A runbook opens as its own tab (so ⌘1⌘9 and drag-reordering work). Use the picker in the toolbar to switch between runbooks, or + New to create one from a starter template.

Recording a runbook

Instead of writing one by hand, you can record what you do. With shell integration on, click ⏺ Record in the toolbar, open a new terminal (⌘N), and run your commands. Click ⏺ Rec again to stop, give it a name, and Conductor writes a runbook draft — each command a runnable step, failed ones flagged with their exit code. Edit it freely afterwards. Do it once, then share it.

Editing

Toggle ✎ Edit to edit the markdown, then Save (⌘S) writes it back to .conductor/notes/. Toggle back to Preview to use the interactive elements below.

Interactive elements

▶ Run — shell code fences

Any fenced code block tagged as a shell language gets a ▶ Run button (and a ⧉ Copy button):

```bash
pnpm install && pnpm dev
```

Recognised languages: bash, sh, shell, zsh, console, terminal, or no language. Run sends the command to the project's terminal — it reuses an existing terminal pane for that project if there is one, otherwise it opens a new terminal tab. Other languages (e.g. js, python) render normally with a Copy button but no Run.

[[file]] — open a file in the editor

Obsidian-style links open a file in the inline Monaco editor:

- [[src/App.svelte]]                  → opens that file
- [[src/App.svelte|App.svelte]]       → custom link label
- [[/Users/me/notes.txt]]             → absolute path

Relative paths resolve against the project root. Links are shown with a 📄 marker.

🤖 Send to Elyra

When the Elyra CLI is installed, each shell block also shows a 🤖 Elyra button. It opens an agent panel with the snippet pre-filled in the composer, so you can add a question ("what does this do?", "make this safer", …) and send. Conductor just hands Elyra the text — the reasoning happens in Elyra.

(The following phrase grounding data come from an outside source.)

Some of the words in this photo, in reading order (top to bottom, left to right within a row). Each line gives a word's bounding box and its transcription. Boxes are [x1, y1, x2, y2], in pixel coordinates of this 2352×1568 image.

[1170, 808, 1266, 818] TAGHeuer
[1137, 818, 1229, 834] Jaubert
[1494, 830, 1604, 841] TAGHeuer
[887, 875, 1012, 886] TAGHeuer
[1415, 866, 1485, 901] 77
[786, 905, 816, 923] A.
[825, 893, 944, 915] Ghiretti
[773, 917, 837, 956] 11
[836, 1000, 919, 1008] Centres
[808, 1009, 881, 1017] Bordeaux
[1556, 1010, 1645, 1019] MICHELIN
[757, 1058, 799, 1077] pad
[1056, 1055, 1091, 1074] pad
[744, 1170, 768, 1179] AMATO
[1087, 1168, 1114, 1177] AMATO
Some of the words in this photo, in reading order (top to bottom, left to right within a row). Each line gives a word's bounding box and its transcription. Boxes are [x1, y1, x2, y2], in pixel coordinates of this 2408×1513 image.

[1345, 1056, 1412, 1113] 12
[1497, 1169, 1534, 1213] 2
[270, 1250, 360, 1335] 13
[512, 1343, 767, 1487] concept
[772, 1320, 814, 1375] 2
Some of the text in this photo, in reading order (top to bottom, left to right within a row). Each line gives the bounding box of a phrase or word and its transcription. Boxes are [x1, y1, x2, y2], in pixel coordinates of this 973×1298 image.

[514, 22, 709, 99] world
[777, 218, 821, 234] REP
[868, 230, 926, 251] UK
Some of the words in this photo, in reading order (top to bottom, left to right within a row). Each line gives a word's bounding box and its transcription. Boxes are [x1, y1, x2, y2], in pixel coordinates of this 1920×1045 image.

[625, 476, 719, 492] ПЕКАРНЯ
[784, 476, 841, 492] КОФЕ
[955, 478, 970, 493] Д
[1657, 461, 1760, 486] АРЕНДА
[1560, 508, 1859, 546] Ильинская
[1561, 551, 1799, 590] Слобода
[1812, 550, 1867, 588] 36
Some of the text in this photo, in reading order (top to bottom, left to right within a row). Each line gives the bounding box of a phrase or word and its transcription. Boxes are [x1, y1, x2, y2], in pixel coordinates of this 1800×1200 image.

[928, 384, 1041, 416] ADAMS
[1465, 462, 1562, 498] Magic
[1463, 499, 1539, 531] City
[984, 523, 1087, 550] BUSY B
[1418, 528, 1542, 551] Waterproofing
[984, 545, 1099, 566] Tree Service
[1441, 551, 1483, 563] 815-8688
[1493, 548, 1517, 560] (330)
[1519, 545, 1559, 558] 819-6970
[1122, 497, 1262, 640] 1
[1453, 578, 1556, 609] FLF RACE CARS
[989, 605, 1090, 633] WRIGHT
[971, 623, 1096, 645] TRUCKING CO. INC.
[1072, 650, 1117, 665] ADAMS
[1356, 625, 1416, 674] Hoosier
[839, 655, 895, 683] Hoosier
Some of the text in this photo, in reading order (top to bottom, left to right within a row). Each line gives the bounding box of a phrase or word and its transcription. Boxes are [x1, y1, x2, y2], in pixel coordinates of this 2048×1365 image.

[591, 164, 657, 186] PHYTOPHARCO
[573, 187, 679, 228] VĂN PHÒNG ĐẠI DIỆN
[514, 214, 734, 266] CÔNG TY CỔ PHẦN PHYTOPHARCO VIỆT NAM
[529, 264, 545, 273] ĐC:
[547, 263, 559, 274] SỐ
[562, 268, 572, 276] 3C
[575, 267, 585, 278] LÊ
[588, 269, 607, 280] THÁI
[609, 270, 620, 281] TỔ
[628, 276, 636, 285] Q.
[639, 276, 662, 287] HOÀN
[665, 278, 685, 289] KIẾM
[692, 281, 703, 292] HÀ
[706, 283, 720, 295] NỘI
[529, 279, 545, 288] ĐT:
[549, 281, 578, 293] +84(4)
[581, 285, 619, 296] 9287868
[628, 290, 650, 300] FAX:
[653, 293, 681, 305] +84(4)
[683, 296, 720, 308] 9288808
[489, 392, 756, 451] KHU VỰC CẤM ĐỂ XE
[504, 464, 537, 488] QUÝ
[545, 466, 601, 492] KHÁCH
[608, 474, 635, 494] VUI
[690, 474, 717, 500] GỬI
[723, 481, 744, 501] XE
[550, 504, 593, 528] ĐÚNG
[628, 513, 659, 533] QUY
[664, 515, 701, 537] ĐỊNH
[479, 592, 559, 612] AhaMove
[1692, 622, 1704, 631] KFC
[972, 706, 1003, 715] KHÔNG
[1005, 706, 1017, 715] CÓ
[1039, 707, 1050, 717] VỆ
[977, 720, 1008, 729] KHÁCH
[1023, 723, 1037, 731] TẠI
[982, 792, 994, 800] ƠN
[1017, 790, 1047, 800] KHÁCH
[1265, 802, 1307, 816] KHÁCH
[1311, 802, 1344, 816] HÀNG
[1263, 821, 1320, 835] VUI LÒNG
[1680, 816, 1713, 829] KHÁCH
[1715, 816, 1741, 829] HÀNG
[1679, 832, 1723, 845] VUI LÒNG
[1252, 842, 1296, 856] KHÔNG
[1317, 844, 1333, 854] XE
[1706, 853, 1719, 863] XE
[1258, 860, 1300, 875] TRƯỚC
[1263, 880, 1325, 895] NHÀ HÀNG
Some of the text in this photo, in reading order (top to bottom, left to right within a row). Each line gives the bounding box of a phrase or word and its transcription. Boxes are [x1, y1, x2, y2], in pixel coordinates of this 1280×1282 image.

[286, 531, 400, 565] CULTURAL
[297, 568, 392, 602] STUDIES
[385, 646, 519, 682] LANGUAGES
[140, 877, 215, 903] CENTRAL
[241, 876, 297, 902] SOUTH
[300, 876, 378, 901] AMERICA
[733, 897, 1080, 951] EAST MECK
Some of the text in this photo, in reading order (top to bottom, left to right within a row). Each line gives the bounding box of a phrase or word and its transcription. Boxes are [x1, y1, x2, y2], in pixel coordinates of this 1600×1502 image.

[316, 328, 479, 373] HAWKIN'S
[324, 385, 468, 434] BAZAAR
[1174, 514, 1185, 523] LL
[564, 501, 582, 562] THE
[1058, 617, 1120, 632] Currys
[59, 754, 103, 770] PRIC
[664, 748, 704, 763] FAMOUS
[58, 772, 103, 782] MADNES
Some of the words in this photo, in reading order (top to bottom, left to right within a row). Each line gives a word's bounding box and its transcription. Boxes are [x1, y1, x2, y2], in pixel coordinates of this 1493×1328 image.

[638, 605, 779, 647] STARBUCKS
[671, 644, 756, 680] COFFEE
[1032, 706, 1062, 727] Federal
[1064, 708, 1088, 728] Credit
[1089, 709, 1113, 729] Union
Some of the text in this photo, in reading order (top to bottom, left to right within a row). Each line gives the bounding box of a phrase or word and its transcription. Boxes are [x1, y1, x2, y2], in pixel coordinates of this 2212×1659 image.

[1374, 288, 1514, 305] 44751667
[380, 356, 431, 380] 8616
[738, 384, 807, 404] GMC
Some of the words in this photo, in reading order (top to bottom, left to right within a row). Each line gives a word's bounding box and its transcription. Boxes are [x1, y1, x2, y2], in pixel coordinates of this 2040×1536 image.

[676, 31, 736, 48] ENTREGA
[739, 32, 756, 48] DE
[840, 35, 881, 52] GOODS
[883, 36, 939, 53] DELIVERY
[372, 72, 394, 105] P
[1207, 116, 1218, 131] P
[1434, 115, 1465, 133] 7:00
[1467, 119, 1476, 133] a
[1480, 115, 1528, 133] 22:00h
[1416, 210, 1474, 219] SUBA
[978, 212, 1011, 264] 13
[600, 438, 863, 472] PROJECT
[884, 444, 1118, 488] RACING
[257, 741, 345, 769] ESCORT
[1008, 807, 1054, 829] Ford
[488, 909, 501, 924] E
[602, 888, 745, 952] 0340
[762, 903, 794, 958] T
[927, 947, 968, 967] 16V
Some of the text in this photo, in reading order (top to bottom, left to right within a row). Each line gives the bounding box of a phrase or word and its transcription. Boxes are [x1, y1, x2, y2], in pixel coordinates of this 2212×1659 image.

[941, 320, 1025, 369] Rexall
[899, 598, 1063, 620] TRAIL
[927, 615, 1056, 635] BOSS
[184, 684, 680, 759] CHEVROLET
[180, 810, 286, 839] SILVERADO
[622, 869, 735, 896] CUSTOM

[[task:name]] — run a discovered task

Run a project task (from package.json, composer.json, Makefile, or justfile) as a clickable chip:

[[task:dev]]  ·  [[task:build|Build it]]

The name is matched against discovered tasks; the task's command runs in the project's terminal. If no task matches, the text after task: is run literally, so [[task:npm test]] also works as an ad-hoc command.

Example

# Onboarding

## Setup
```bash
pnpm install
```

## Run the app
[[task:dev]]

## Key files
- [[src/App.svelte|Main UI]]
- [[README.md]]

Verify — living runbooks

Documentation rots silently. The ✓ Verify button runs every runnable step headless (in your login shell, with a per-step timeout) and flags the ones that no longer work — per-step badges (✓ / ✗ exit code / timeout), the failing step's output inline, and a freshness banner (“Verified 2h ago — all 4 steps green”) backed by a sidecar .verify.json next to the runbook, so it survives restarts.

Steps that are meant to run forever (dev servers) opt out by tagging the fence:

```bash no-verify
pnpm dev
```

A failing step gets its own ⚡ Fix button that hands the command and output to an Elyra agent. Verification runs each step via the run_step Tauri command.